Buchempfehlung: Wo stehen hier die E-Books?

Einige von euch lesen bereits fleißig meine Rubrik “Ein Schwank aus meinem Leben…”. Ich erzähle von den vielen, leider, teils eigenartigen Ereignissen in meinem Leben als Bibliotheksmitarbeiter. Umso mehr hat es mich gefreut, als ich vor Kurzem auf das Buch “Wo stehen hier die E-Books?” von Monika Reiprecht.
Sie fasst in diesem Buch die kuriosesten Anfragen von Benützerinnen und Benützern bei den Büchereien Wien zusammen – und davon gibt es sehr viele!

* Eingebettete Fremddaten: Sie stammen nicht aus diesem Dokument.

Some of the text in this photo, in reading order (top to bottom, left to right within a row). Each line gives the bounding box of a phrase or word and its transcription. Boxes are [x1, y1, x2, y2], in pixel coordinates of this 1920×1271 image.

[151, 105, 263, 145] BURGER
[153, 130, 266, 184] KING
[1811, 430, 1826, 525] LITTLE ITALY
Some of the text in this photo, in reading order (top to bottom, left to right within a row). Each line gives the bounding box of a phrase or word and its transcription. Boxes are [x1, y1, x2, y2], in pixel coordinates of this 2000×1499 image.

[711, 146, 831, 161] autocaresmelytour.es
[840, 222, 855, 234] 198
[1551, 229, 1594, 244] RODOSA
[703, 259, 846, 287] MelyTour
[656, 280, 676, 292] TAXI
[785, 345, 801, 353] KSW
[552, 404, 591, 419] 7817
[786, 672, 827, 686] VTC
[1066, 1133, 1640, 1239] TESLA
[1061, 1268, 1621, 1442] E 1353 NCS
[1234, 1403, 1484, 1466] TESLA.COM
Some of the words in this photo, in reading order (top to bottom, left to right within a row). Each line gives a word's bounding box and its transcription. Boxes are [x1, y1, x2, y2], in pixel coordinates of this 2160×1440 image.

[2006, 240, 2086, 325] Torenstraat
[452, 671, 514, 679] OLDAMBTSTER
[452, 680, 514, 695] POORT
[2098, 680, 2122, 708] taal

„Autor und Titel weiß ich nicht, aber es ist grün und ein Bett ist drauf.“

Es gibt glaube ich keine Person, die an einem Servicedesk arbeitet und noch nie eine etwas dämlich wirkende Frage gestellt bekommen hat, aber zurück zum Buch.
Dieses Buch eignet sich hervorragend für Personen, die häufig nur kurz Zeit haben, um ein Paar Seiten zu lesen, da es sich primär um kleinere Konversationen handelt. Ich muss gestehen, dass ich manche Kommentare einer Benützerin oder einem Benützer nicht so entgegen gebracht hätte, da sie mir als zu frech erscheinen.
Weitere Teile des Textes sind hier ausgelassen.